YOUR GOAL
Would you restate each line of the data below word for word, without its pictures?

━━ INPUT DATA ━━

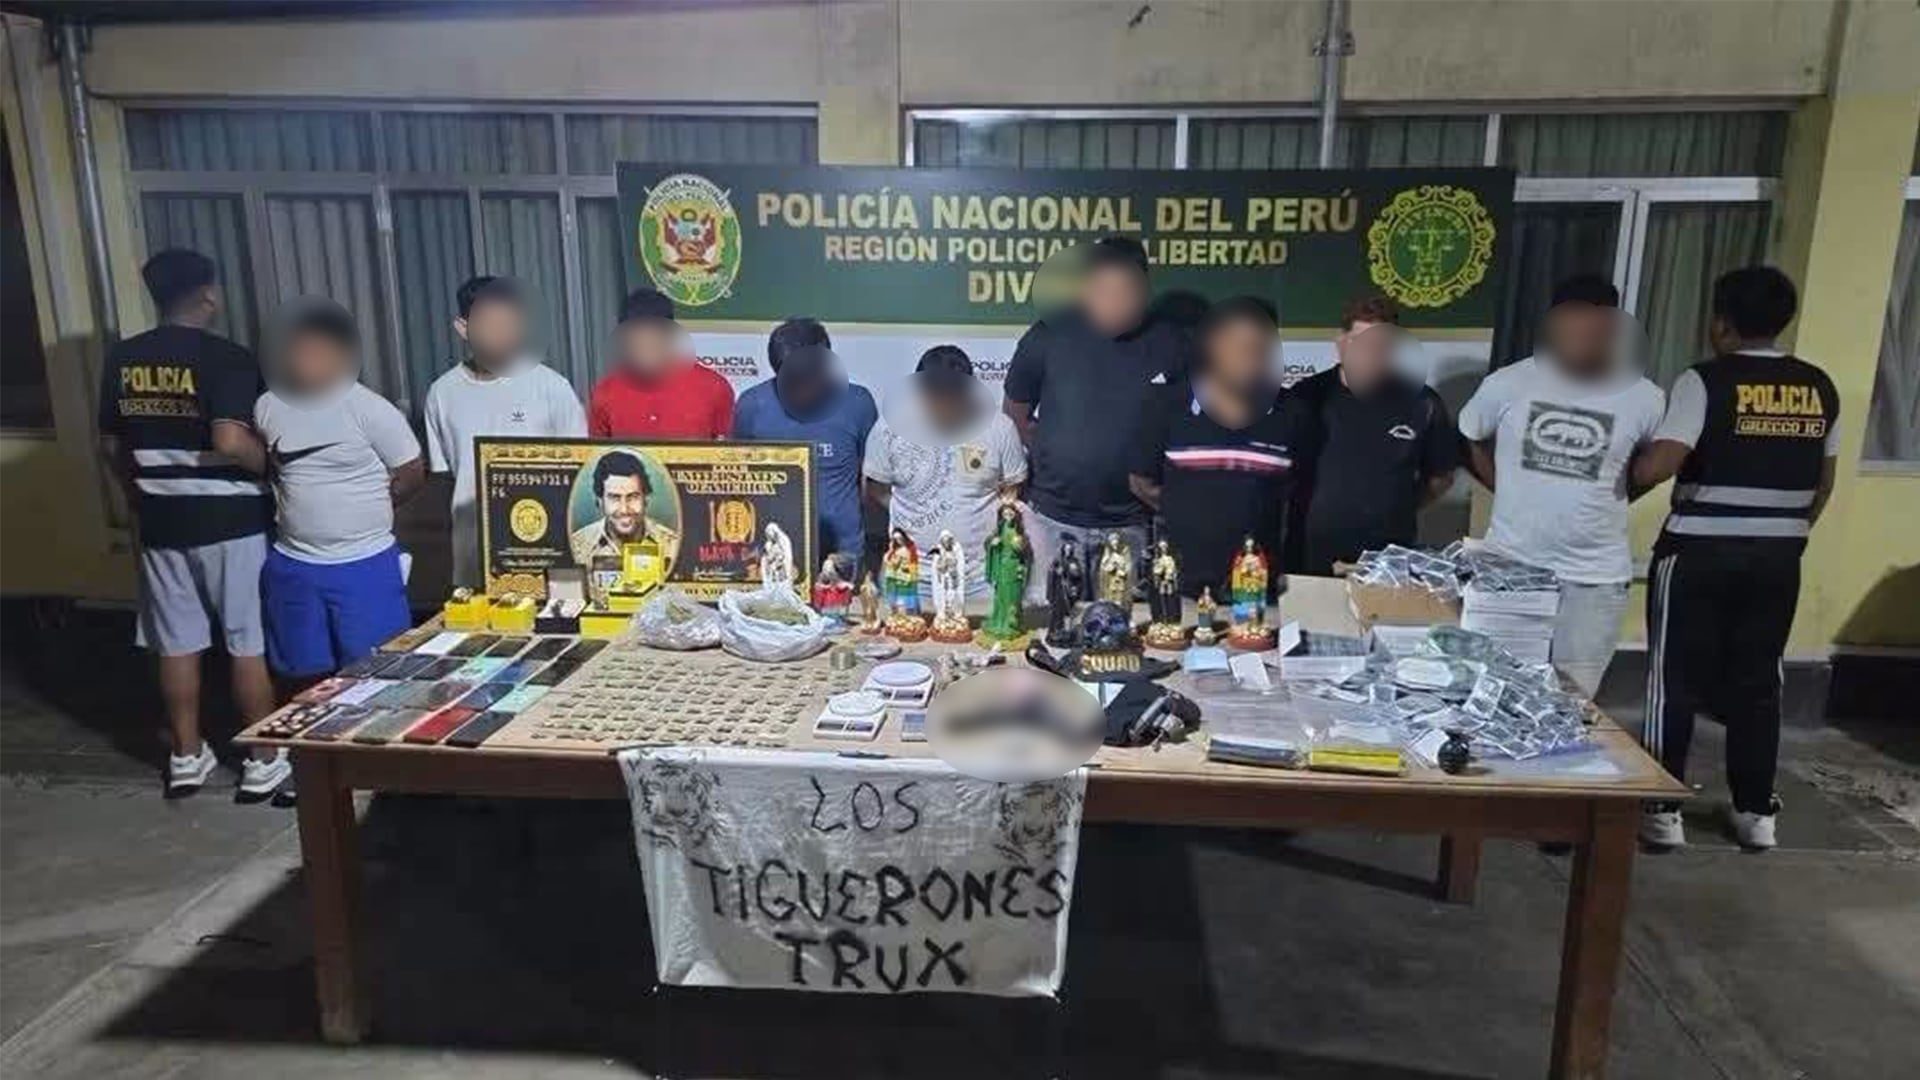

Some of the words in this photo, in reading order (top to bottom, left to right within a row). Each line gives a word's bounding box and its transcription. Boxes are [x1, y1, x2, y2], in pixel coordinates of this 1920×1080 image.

[757, 186, 919, 229] POLICÍA
[932, 195, 1142, 231] NACIONAL
[1155, 198, 1233, 231] DEL
[1246, 189, 1358, 231] PERÚ
[825, 231, 938, 262] REGIÓN
[1142, 239, 1288, 265] LIBERTAD
[968, 271, 1036, 303] DIV
[1081, 654, 1141, 675] SQUAD
[810, 776, 918, 832] LOS
[773, 929, 968, 992] TRUX
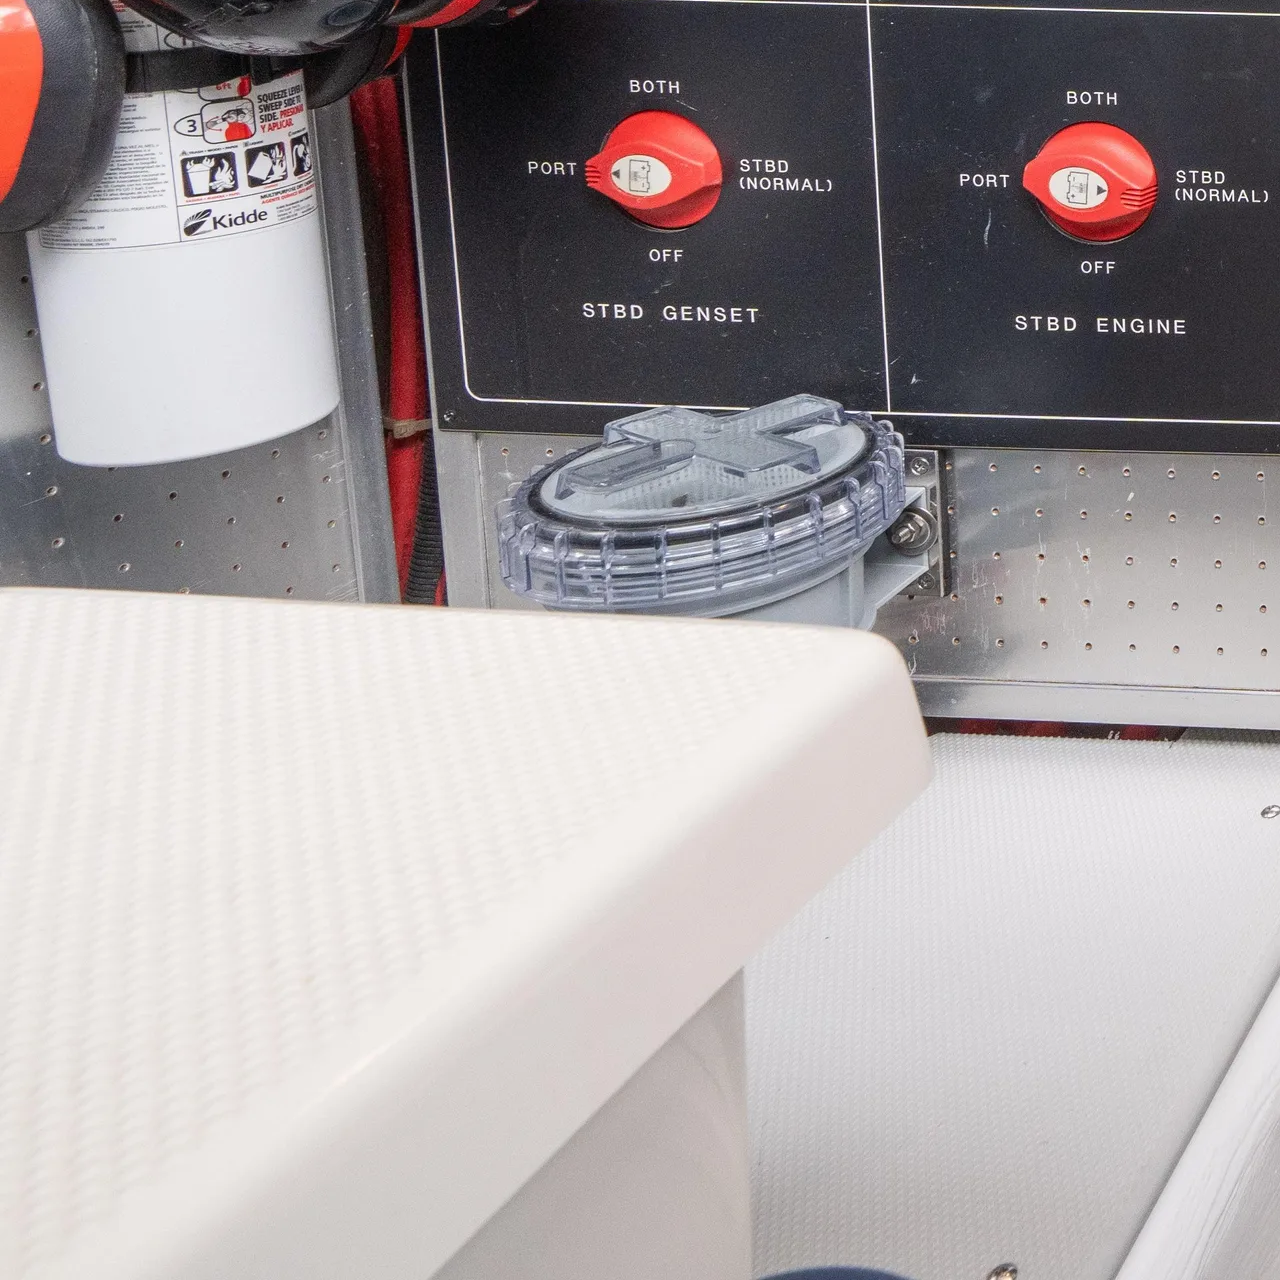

━━━

ANSWER
Some of the words in this photo, in reading order (top to bottom, left to right within a row). Each line gives a word's bounding box and its transcription. Boxes are [x1, y1, x2, y2], in pixel coordinates of this 1920×1080 image.

[757, 186, 919, 229] POLICÍA
[932, 195, 1142, 231] NACIONAL
[1155, 198, 1233, 231] DEL
[1246, 189, 1358, 231] PERÚ
[825, 231, 938, 262] REGIÓN
[1142, 239, 1288, 265] LIBERTAD
[968, 271, 1036, 303] DIV
[1081, 654, 1141, 675] SQUAD
[810, 776, 918, 832] LOS
[773, 929, 968, 992] TRUX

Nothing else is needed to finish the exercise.